- [Work instruction]: Leave out all images and set down the records exactly as given.

- [Given data]:
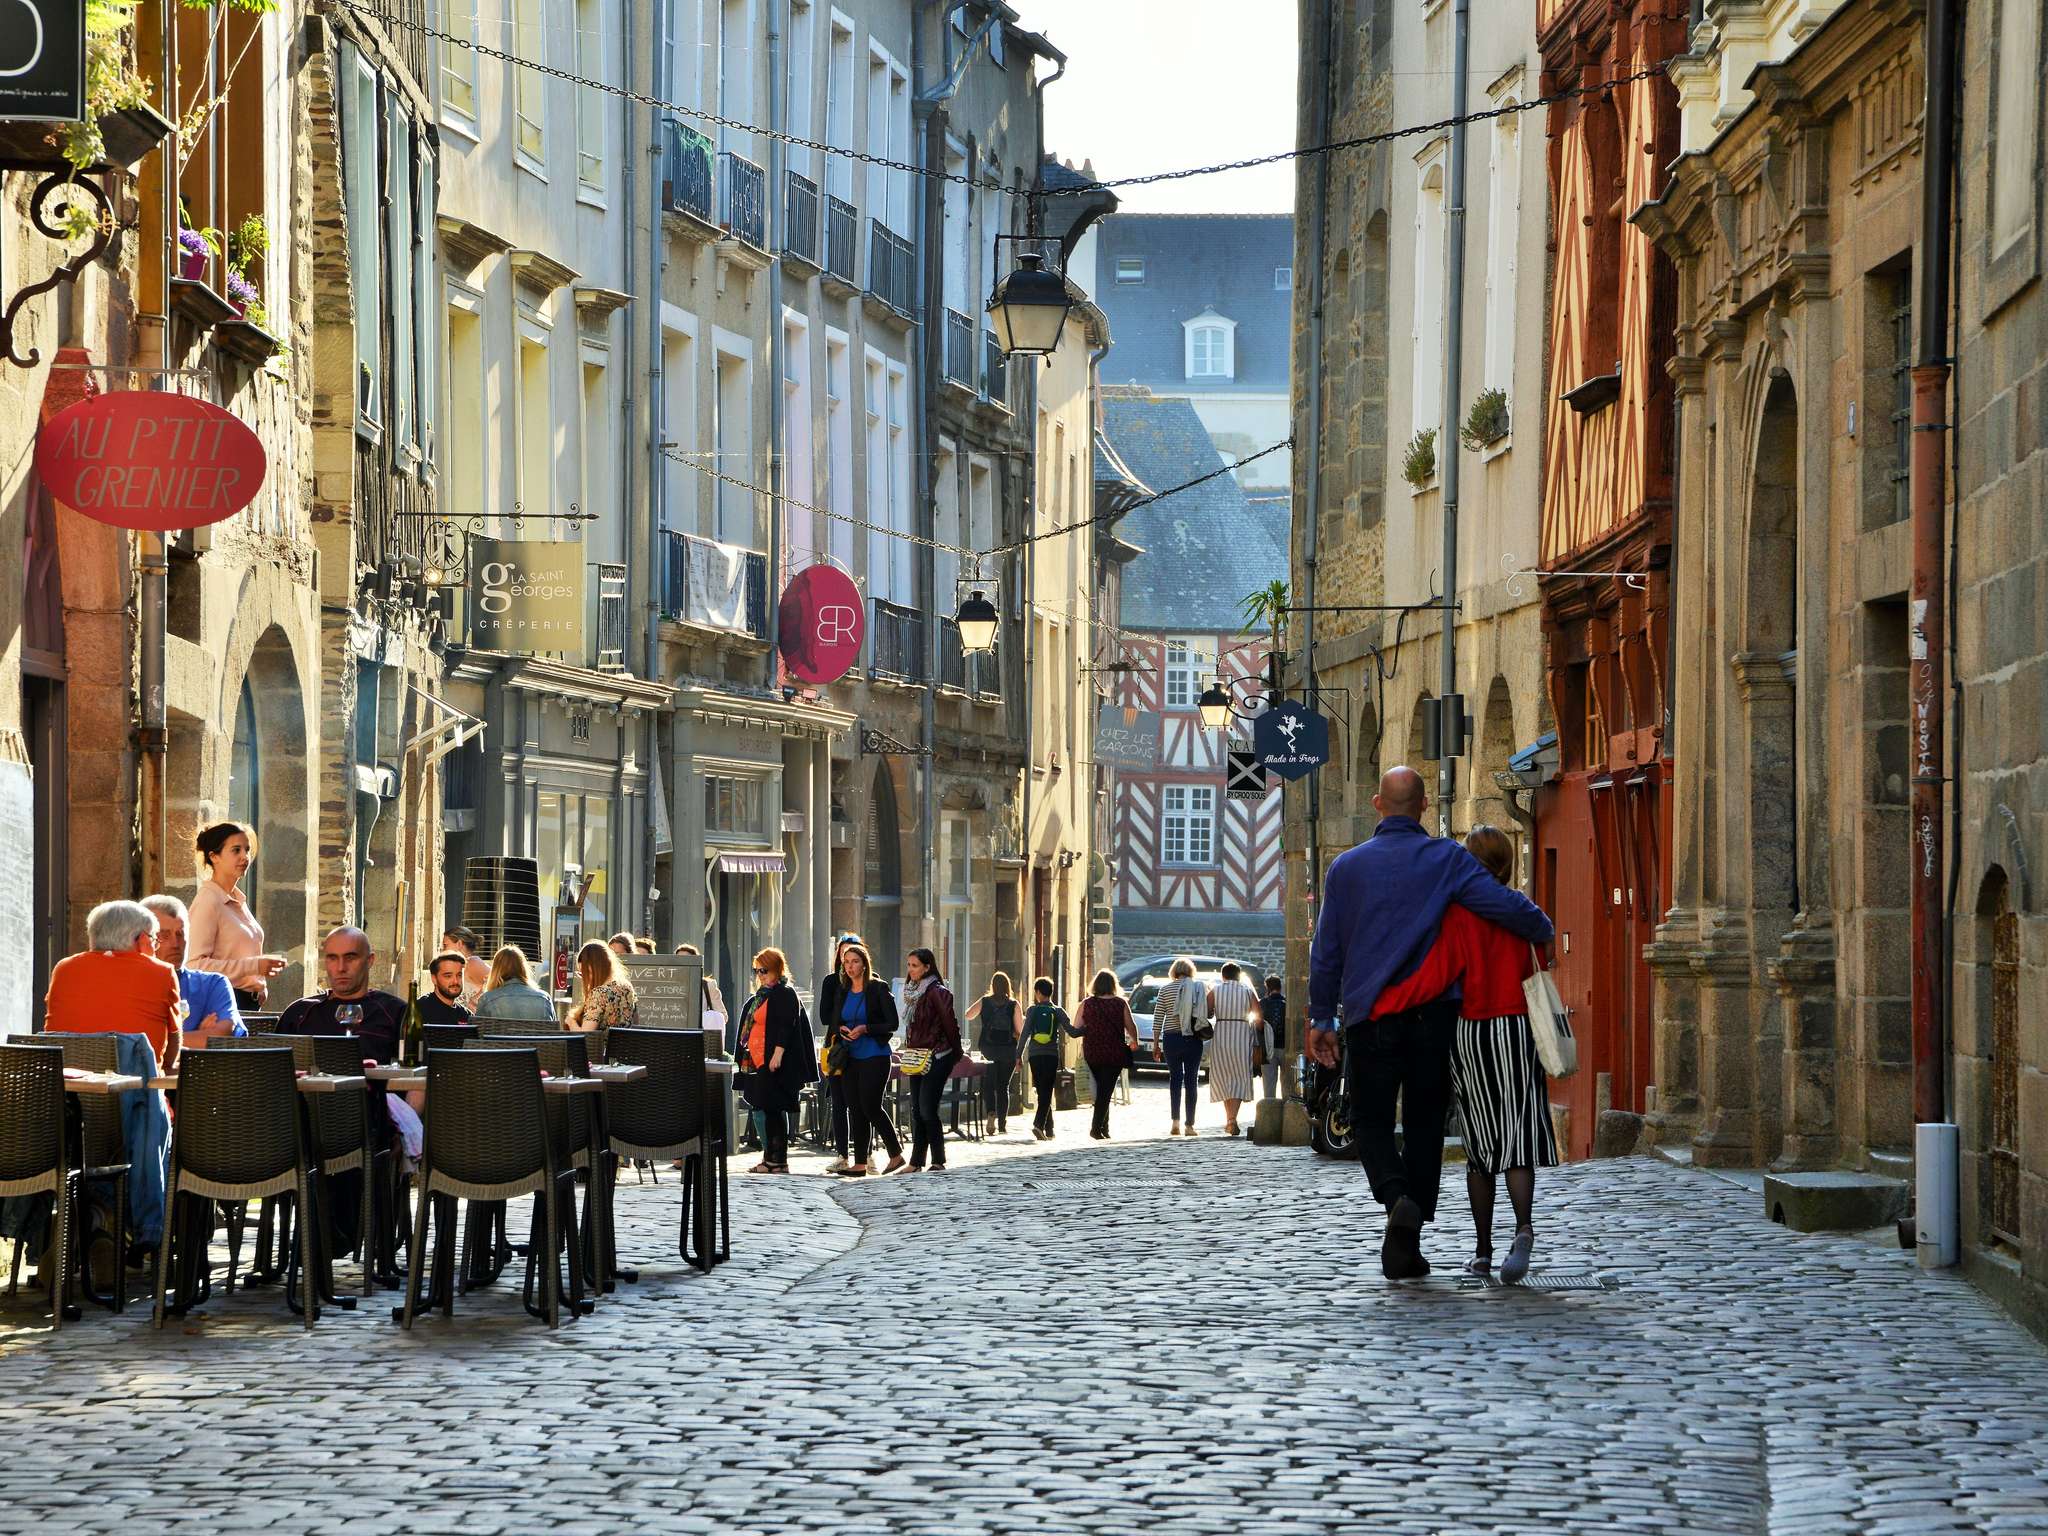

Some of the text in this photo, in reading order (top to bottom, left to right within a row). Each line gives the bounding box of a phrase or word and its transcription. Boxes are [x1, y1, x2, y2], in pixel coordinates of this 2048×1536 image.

[54, 415, 234, 462] AU P'TIT
[74, 466, 241, 509] GRENIER
[511, 570, 564, 584] LA SAINT
[480, 619, 573, 630] CRÊPERIE
[1101, 728, 1153, 745] CHEZ LES
[1264, 754, 1320, 765] Made in Frogs
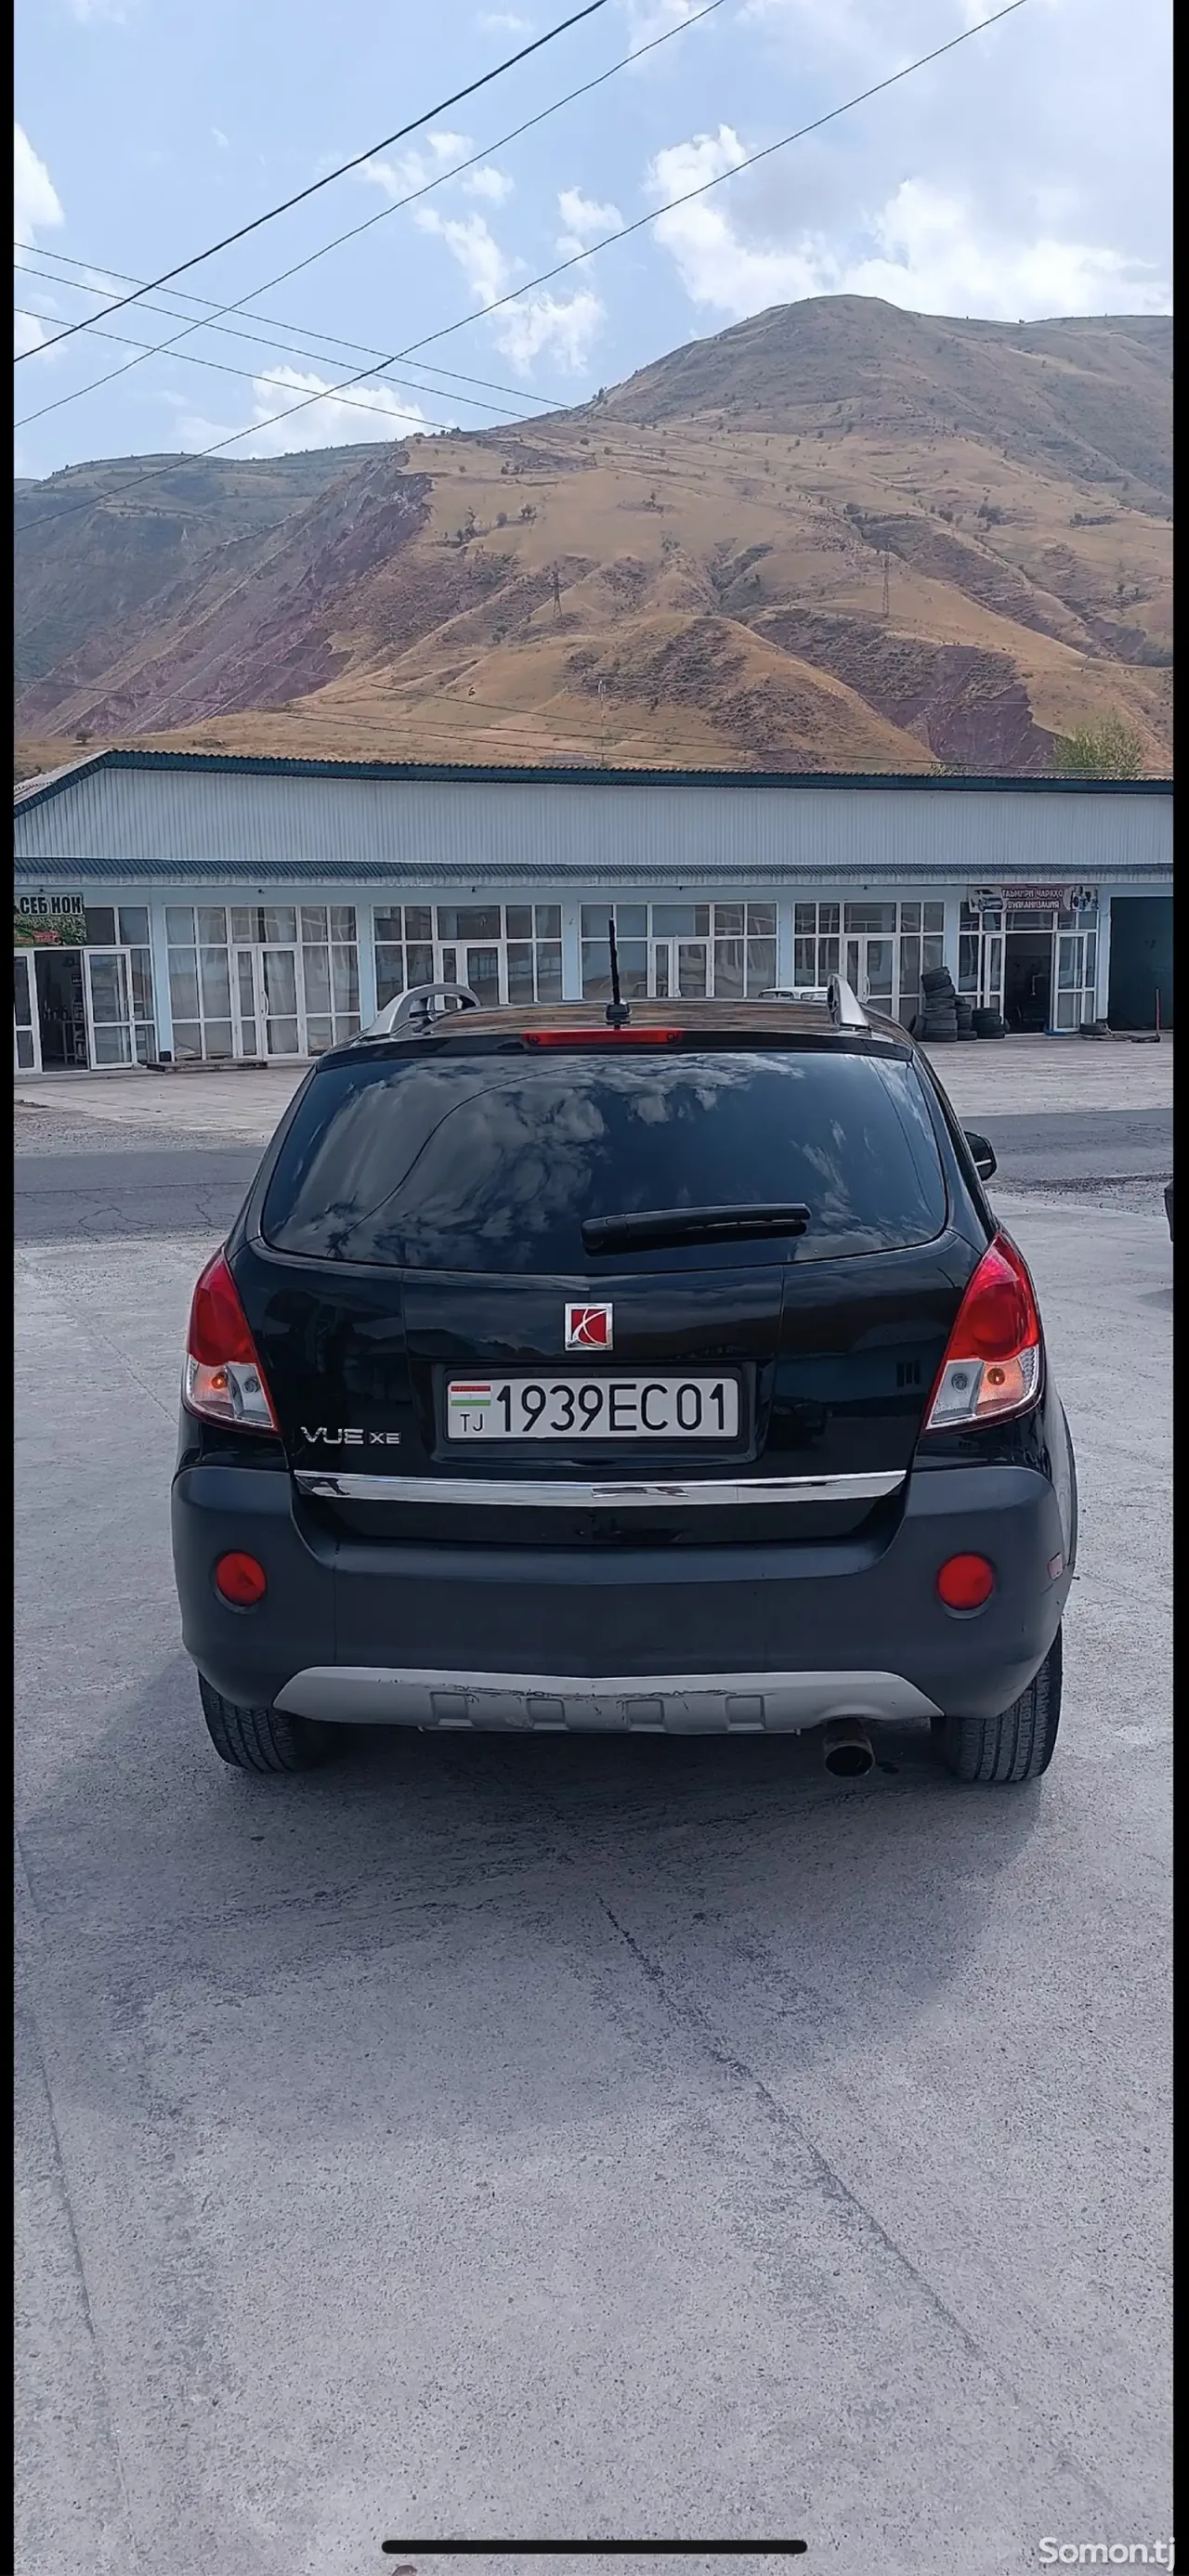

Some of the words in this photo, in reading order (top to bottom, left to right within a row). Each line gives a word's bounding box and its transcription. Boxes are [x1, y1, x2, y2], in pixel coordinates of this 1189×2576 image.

[20, 896, 48, 915] СЕБ
[50, 896, 82, 915] НОН
[460, 1413, 484, 1432] TJ
[496, 1383, 725, 1432] 1939EC01
[300, 1426, 364, 1444] VUE
[370, 1432, 400, 1444] XE

- [Answer box]:
Some of the text in this photo, in reading order (top to bottom, left to right within a row). Each line gives the bounding box of a phrase or word and its transcription. Boxes are [x1, y1, x2, y2], in pixel coordinates of this 2048×1536 image.

[54, 415, 234, 462] AU P'TIT
[74, 466, 241, 509] GRENIER
[511, 570, 564, 584] LA SAINT
[480, 619, 573, 630] CRÊPERIE
[1101, 728, 1153, 745] CHEZ LES
[1264, 754, 1320, 765] Made in Frogs

Some of the words in this photo, in reading order (top to bottom, left to right within a row). Each line gives a word's bounding box and its transcription. Boxes are [x1, y1, x2, y2], in pixel coordinates of this 1189×2576 image.

[20, 896, 48, 915] СЕБ
[50, 896, 82, 915] НОН
[460, 1413, 484, 1432] TJ
[496, 1383, 725, 1432] 1939EC01
[300, 1426, 364, 1444] VUE
[370, 1432, 400, 1444] XE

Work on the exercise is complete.